The Culture of Reportage: In a lot of cases, the culture of reportage is such that reporters consider themselves capable of becoming "instant experts" on everything, although the contraints of the system basically prevent them from getting to the point in knowledge where they realise that their initial assumptions are wrong or distorted. As a first class example, who could forget Judith Miller's "I was proved fucking right!" outburst, even when it has pretty much always been clear she was fucking wrong? The belief in the infalliability of the reporter's own reportage runs fairly deep in newsroom culture, influenced by the public's generally credulous approach to news-reading.
Once reporters have done as much research as they feel is necessary, or have time for, whichever comes first, they then decide what of that gathered information is most important, that is, what goes in the first paragraph of the story.
Politics: As I've mentioned before in this essay, politics is also a major shaper of the news.
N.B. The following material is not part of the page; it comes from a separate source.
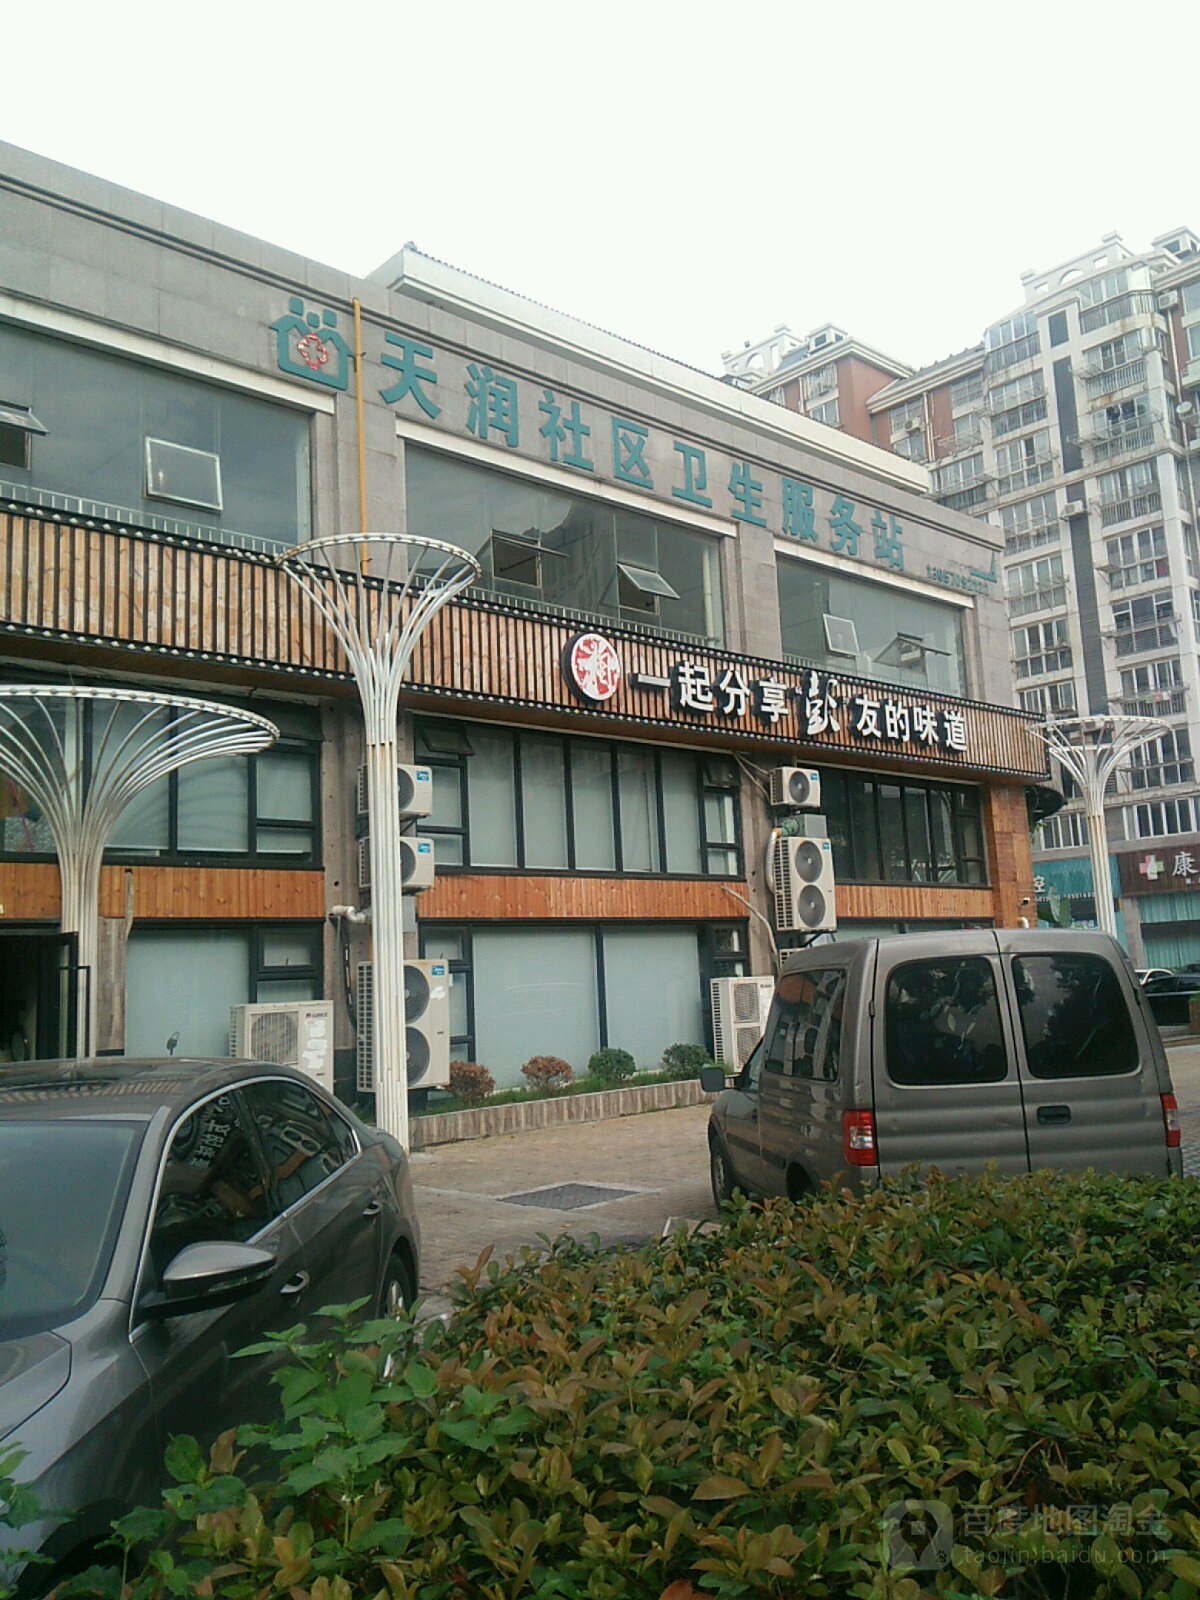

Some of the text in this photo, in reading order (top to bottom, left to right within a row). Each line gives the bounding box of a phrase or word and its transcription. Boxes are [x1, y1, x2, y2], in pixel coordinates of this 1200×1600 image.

[379, 332, 905, 571] 天润社区卫生服务站
[1172, 851, 1199, 877] 康
This may apply to partisan party politics, although that trend is diminishing and becoming diffused by chain ownership of media outlets. The larger question of political bias introduced by media magnates is probably best addressed by books such as Ben Bagdikian's The Media Monopoly, and fact-checked at OpenSecrets.org. More often, the political considerations involve not offending advertisers, local movers and shakers, or the Editor-in-Chief. These pressures can sometimes turn the already selective news-presentation process into outright censorship.
Based on those factors, and probably some other ones I've missed, it's no wonder stuff comes out a little bit broken. The medium is the message, and in many cases, the medium is kind of dysfunctional.